**The problem:** What you return must match the entries exactly, except that the pictures are gone.

[Records from a collection]
Segment Open

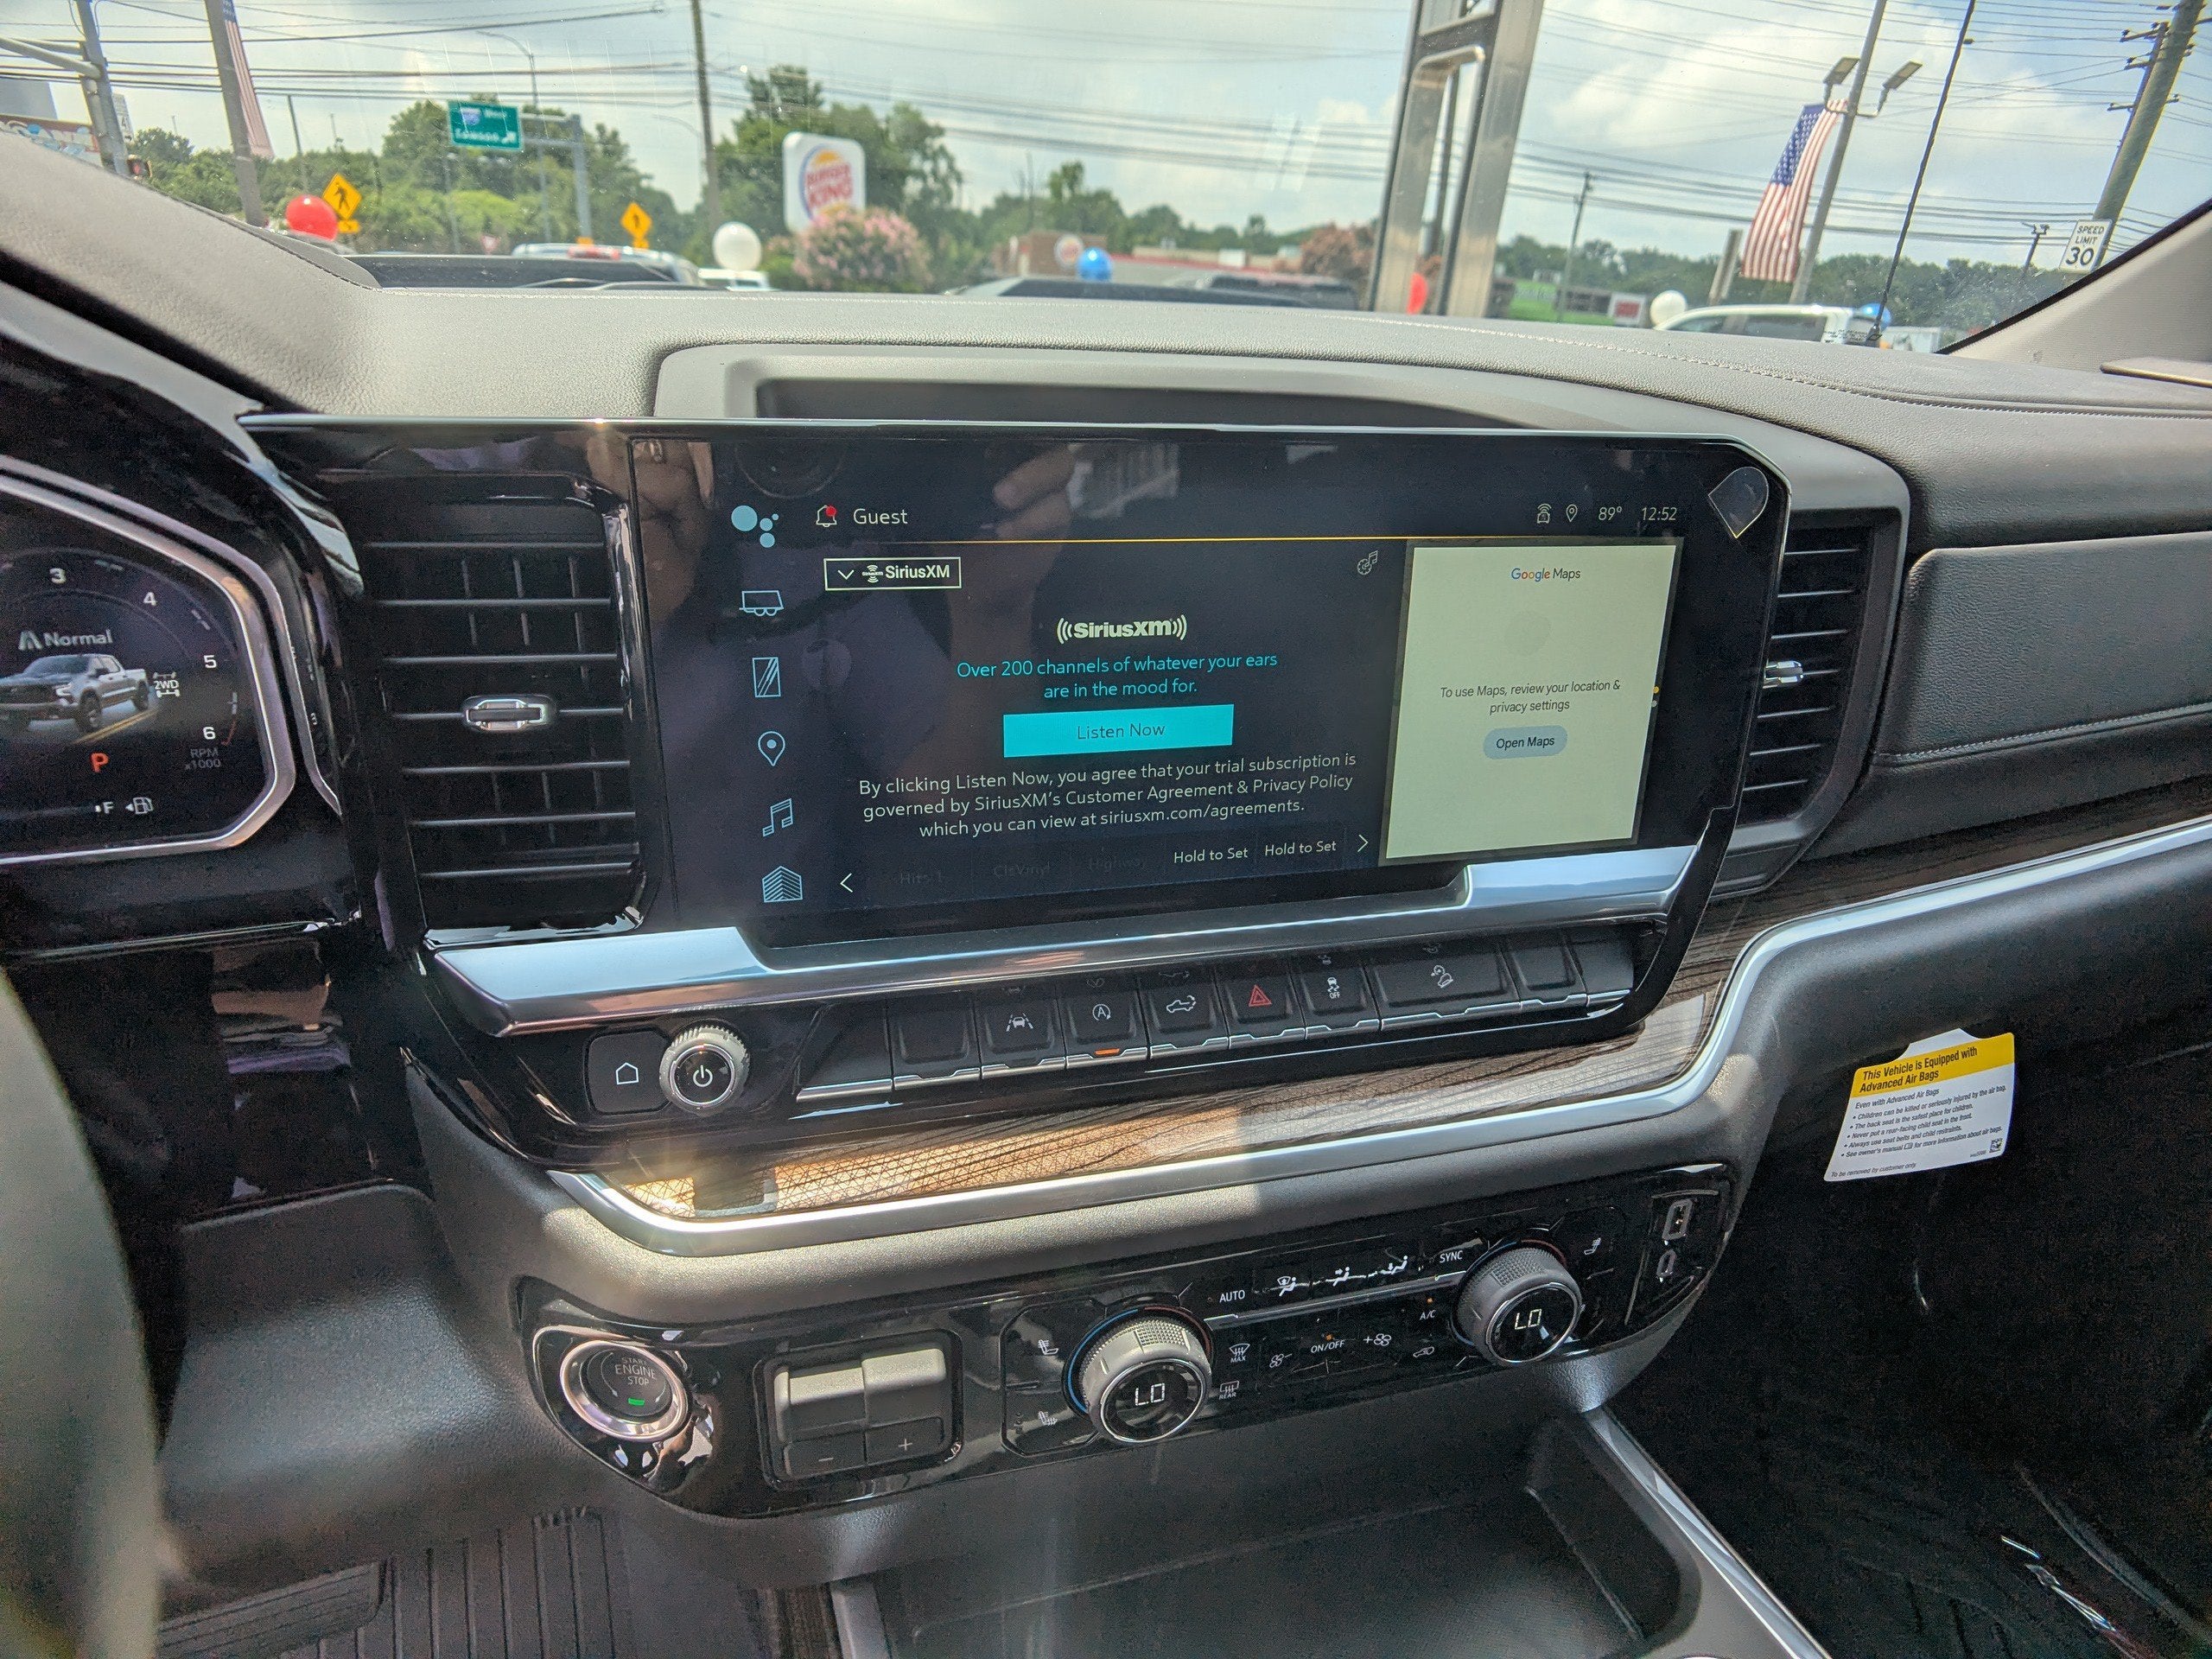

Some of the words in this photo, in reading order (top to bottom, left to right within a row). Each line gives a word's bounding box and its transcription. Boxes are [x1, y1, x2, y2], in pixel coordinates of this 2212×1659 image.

[2077, 226, 2105, 234] SPEED
[2066, 246, 2094, 265] 30
[854, 508, 908, 524] Guest
[1599, 506, 1622, 520] 89°
[1641, 507, 1677, 521] 12:52
[49, 568, 67, 584] 3
[885, 564, 950, 580] SiriusXM
[1511, 568, 1550, 582] Google
[1552, 568, 1581, 582] Maps
[143, 591, 157, 607] 4
[43, 629, 114, 648] Normal
[203, 654, 217, 669] 5
[957, 661, 996, 677] Over
[1001, 661, 1033, 677] 200
[1037, 657, 1109, 676] channels
[1114, 656, 1132, 672] of
[1135, 652, 1206, 671] whatever
[1208, 655, 1243, 673] your
[1246, 653, 1278, 668] ears
[154, 679, 180, 690] 2WD
[1044, 685, 1070, 699] are
[1074, 683, 1088, 698] in
[1092, 681, 1118, 696] the
[1122, 678, 1167, 696] mood
[1173, 677, 1198, 693] for.
[1440, 686, 1452, 698] To
[1455, 688, 1474, 697] use
[1477, 684, 1508, 699] Maps,
[1510, 683, 1545, 696] review
[1546, 683, 1569, 696] your
[1571, 680, 1611, 693] location
[1613, 679, 1621, 690] &
[1490, 701, 1528, 716] privacy
[1529, 699, 1570, 713] settings
[203, 726, 216, 741] 6
[1077, 725, 1123, 741] Listen
[1130, 722, 1165, 738] Now
[1496, 737, 1524, 751] Open
[1527, 735, 1555, 749] Maps
[189, 747, 219, 759] RPM
[91, 753, 109, 773] P
[859, 780, 880, 798] By
[886, 776, 950, 795] clicking
[957, 773, 1007, 790] Listen
[1013, 771, 1053, 787] Now,
[1057, 771, 1086, 787] you
[1091, 768, 1136, 785] agree
[1141, 763, 1173, 779] that
[1176, 762, 1211, 780] your
[1214, 758, 1244, 773] trial
[1249, 755, 1340, 772] subscription
[1344, 753, 1357, 766] is
[863, 798, 945, 822] governed
[950, 798, 969, 817] by
[975, 791, 1061, 811] SiriusXM's
[1065, 789, 1143, 805] Customer
[1147, 780, 1233, 803] Agreement
[1236, 780, 1249, 794] &
[1253, 775, 1306, 794] Privacy
[1309, 772, 1353, 790] Policy
[103, 801, 115, 814] F
[918, 820, 969, 837] which
[973, 821, 1002, 838] you
[1007, 818, 1036, 832] can
[1040, 815, 1077, 830] view
[1080, 811, 1097, 826] at
[1100, 798, 1305, 825] siriusxm.com/agreements.
[1173, 849, 1205, 864] Hold
[1210, 849, 1224, 861] to
[1227, 846, 1249, 860] Set
[1264, 842, 1295, 856] Hold
[1299, 842, 1313, 855] to
[1316, 839, 1337, 852] Set
[1863, 1071, 1881, 1081] This
[1884, 1064, 1913, 1077] Vehicle
[1915, 1060, 1922, 1071] is
[1924, 1051, 1960, 1069] Equipped
[1961, 1046, 1978, 1059] with
[1859, 1077, 1904, 1093] Advanced
[1905, 1074, 1918, 1085] Air
[1919, 1070, 1939, 1082] Bags
[1886, 1093, 1916, 1104] Advanced
[1439, 1250, 1463, 1264] SYNC
[1218, 1289, 1246, 1303] AUTO
[1420, 1310, 1435, 1320] A/C
[1515, 1308, 1542, 1330] LO
[1310, 1339, 1345, 1354] ON/OFF
[1230, 1353, 1246, 1363] MAX
[614, 1363, 657, 1380] ENGINE
[627, 1376, 650, 1386] STOP
[1135, 1382, 1166, 1406] LO
[1218, 1390, 1237, 1400] REAR

Segment Closed

**Written solution:**
Some of the words in this photo, in reading order (top to bottom, left to right within a row). Each line gives a word's bounding box and its transcription. Boxes are [x1, y1, x2, y2], in pixel coordinates of this 2212×1659 image.

[2077, 226, 2105, 234] SPEED
[2066, 246, 2094, 265] 30
[854, 508, 908, 524] Guest
[1599, 506, 1622, 520] 89°
[1641, 507, 1677, 521] 12:52
[49, 568, 67, 584] 3
[885, 564, 950, 580] SiriusXM
[1511, 568, 1550, 582] Google
[1552, 568, 1581, 582] Maps
[143, 591, 157, 607] 4
[43, 629, 114, 648] Normal
[203, 654, 217, 669] 5
[957, 661, 996, 677] Over
[1001, 661, 1033, 677] 200
[1037, 657, 1109, 676] channels
[1114, 656, 1132, 672] of
[1135, 652, 1206, 671] whatever
[1208, 655, 1243, 673] your
[1246, 653, 1278, 668] ears
[154, 679, 180, 690] 2WD
[1044, 685, 1070, 699] are
[1074, 683, 1088, 698] in
[1092, 681, 1118, 696] the
[1122, 678, 1167, 696] mood
[1173, 677, 1198, 693] for.
[1440, 686, 1452, 698] To
[1455, 688, 1474, 697] use
[1477, 684, 1508, 699] Maps,
[1510, 683, 1545, 696] review
[1546, 683, 1569, 696] your
[1571, 680, 1611, 693] location
[1613, 679, 1621, 690] &
[1490, 701, 1528, 716] privacy
[1529, 699, 1570, 713] settings
[203, 726, 216, 741] 6
[1077, 725, 1123, 741] Listen
[1130, 722, 1165, 738] Now
[1496, 737, 1524, 751] Open
[1527, 735, 1555, 749] Maps
[189, 747, 219, 759] RPM
[91, 753, 109, 773] P
[859, 780, 880, 798] By
[886, 776, 950, 795] clicking
[957, 773, 1007, 790] Listen
[1013, 771, 1053, 787] Now,
[1057, 771, 1086, 787] you
[1091, 768, 1136, 785] agree
[1141, 763, 1173, 779] that
[1176, 762, 1211, 780] your
[1214, 758, 1244, 773] trial
[1249, 755, 1340, 772] subscription
[1344, 753, 1357, 766] is
[863, 798, 945, 822] governed
[950, 798, 969, 817] by
[975, 791, 1061, 811] SiriusXM's
[1065, 789, 1143, 805] Customer
[1147, 780, 1233, 803] Agreement
[1236, 780, 1249, 794] &
[1253, 775, 1306, 794] Privacy
[1309, 772, 1353, 790] Policy
[103, 801, 115, 814] F
[918, 820, 969, 837] which
[973, 821, 1002, 838] you
[1007, 818, 1036, 832] can
[1040, 815, 1077, 830] view
[1080, 811, 1097, 826] at
[1100, 798, 1305, 825] siriusxm.com/agreements.
[1173, 849, 1205, 864] Hold
[1210, 849, 1224, 861] to
[1227, 846, 1249, 860] Set
[1264, 842, 1295, 856] Hold
[1299, 842, 1313, 855] to
[1316, 839, 1337, 852] Set
[1863, 1071, 1881, 1081] This
[1884, 1064, 1913, 1077] Vehicle
[1915, 1060, 1922, 1071] is
[1924, 1051, 1960, 1069] Equipped
[1961, 1046, 1978, 1059] with
[1859, 1077, 1904, 1093] Advanced
[1905, 1074, 1918, 1085] Air
[1919, 1070, 1939, 1082] Bags
[1886, 1093, 1916, 1104] Advanced
[1439, 1250, 1463, 1264] SYNC
[1218, 1289, 1246, 1303] AUTO
[1420, 1310, 1435, 1320] A/C
[1515, 1308, 1542, 1330] LO
[1310, 1339, 1345, 1354] ON/OFF
[1230, 1353, 1246, 1363] MAX
[614, 1363, 657, 1380] ENGINE
[627, 1376, 650, 1386] STOP
[1135, 1382, 1166, 1406] LO
[1218, 1390, 1237, 1400] REAR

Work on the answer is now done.